Ali Smith on her favourite albums: “Trying to choose one ended in mutiny”

From the Long Players series: writers on their most cherished albums.

By Ali Smith

Trying to choose one album about which to write this piece has made a week-long mutiny happen inside my head: now that I sit down to write it, Court and Spark and Blue by Joni Mitchell are already swinging boho punches at each other about which matters more; Kate and Anna McGarrigle’s first album is giving me a sidelong witty French-Canadian look and surround-sounding the gorgeous unearthly harmony of the end of “Heart Like a Wheel” at me so I’ll know I couldn’t ever choose to leave it on a sideline; then Elvis Costello’s My Aim Is True, pointing right at me and shouting my name; Rickie Lee Jones’s first album turning away shrugging like it always knew it was too cool for me anyway; and look at my young self waiting to see what her older self’ll say about what Cat Stevens’s Tea for the Tillerman and Teaser and the Firecat have come to mean in the shifts of time.

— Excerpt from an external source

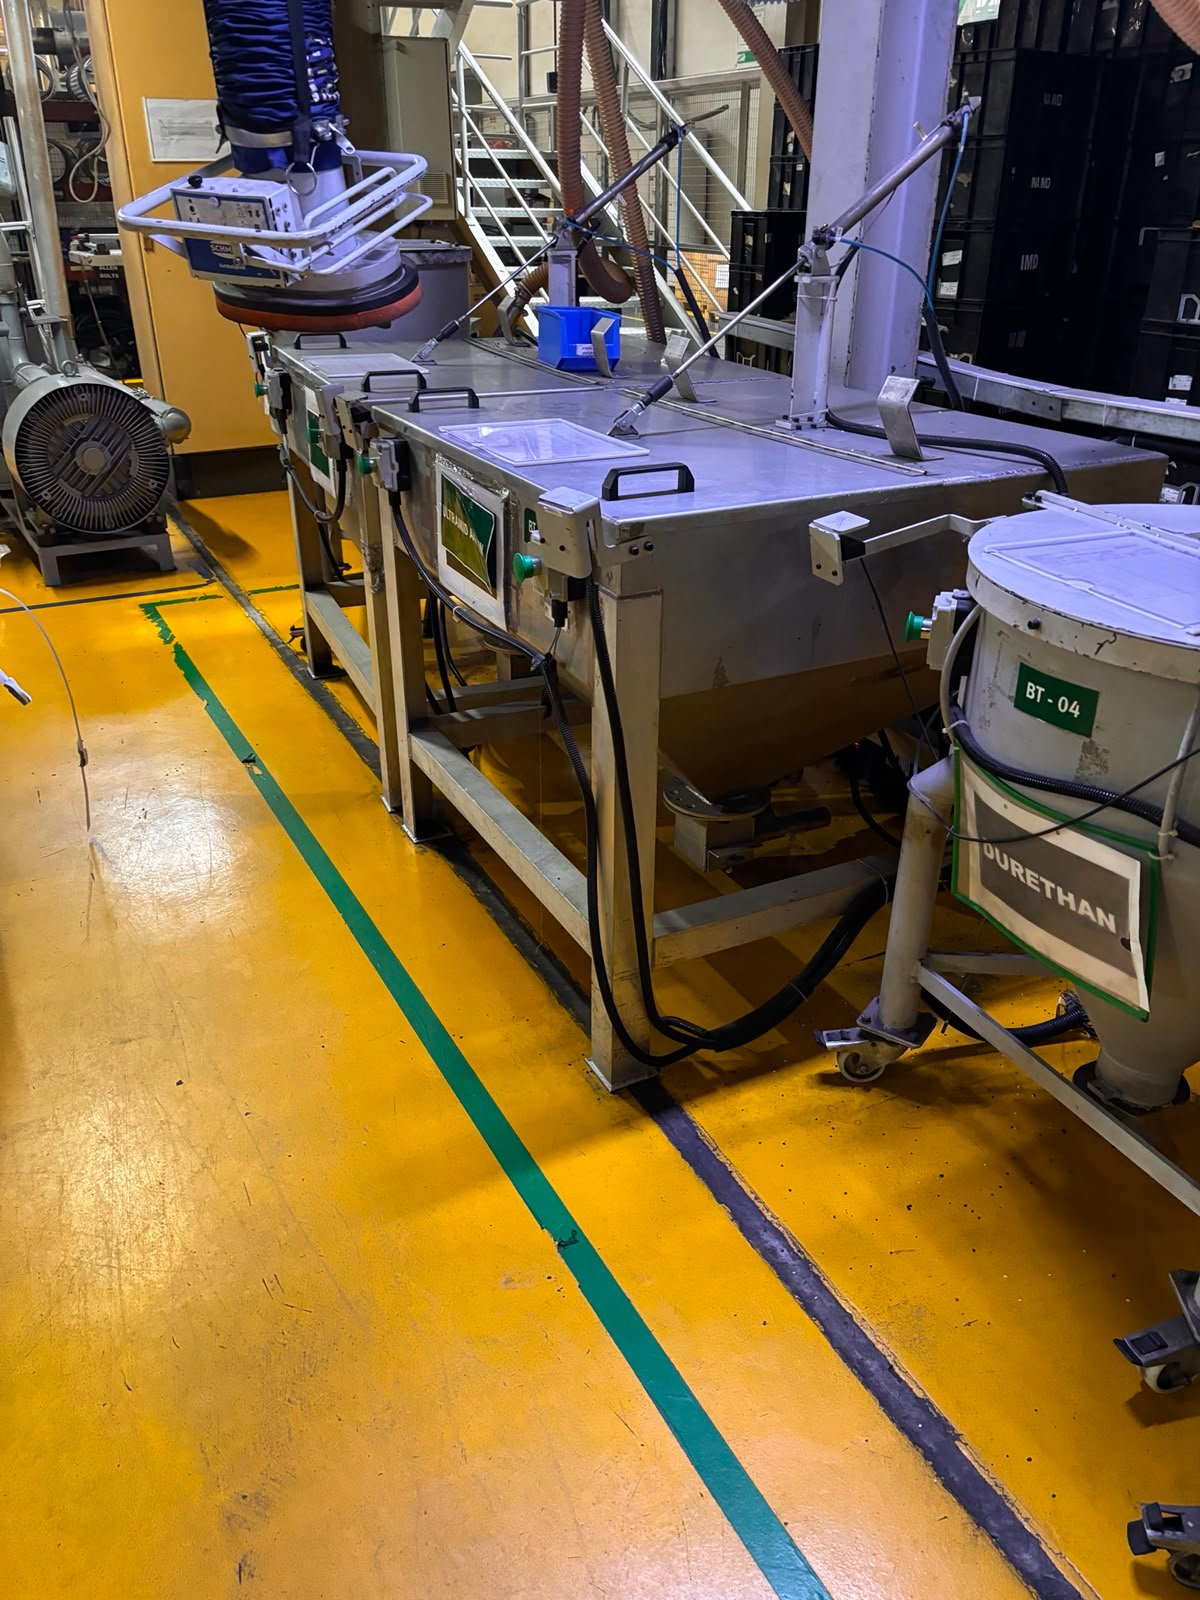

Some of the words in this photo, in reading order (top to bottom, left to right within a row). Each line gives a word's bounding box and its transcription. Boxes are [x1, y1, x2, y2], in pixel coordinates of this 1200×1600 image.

[1026, 681, 1045, 703] BT
[1057, 696, 1080, 718] 04
[982, 838, 1117, 934] DURETHAN

And, on my way home to write this, I pass a busker on the street playing “I Am a Rock” and in come Simon and Garfunkel, all tragedy and adolescence, pure, raw Sounds of Silence. Then there’s Nina Simone’s Black Gold and my older brothers and sisters all coming up the stairs to hear what I was playing; and Pillows & Prayers, the Cherry Red compilation that meant I first heard Tracey Thorn and Ben Watt and ordered their solo albums at The Other Record Shop in a state of real excitement, and what about the excitement of hearing they’d teamed up? Eden, all cool horns and keys and undercurrents, a new kind of cosmopolitan, the sound of young adulthood, alongside Orange Juice’s You Can’t Hide Your Love Forever. This is the sound of happiness. And now, look up, Nick Drake’s Pink Moon looming, melancholy, true. Which will you go for? Which will you love the best?

They’re all playing at once. Turn the tables. Thanks, New Statesman. That’s my whole week gone, and the best part of four decades lost and found, going round and round.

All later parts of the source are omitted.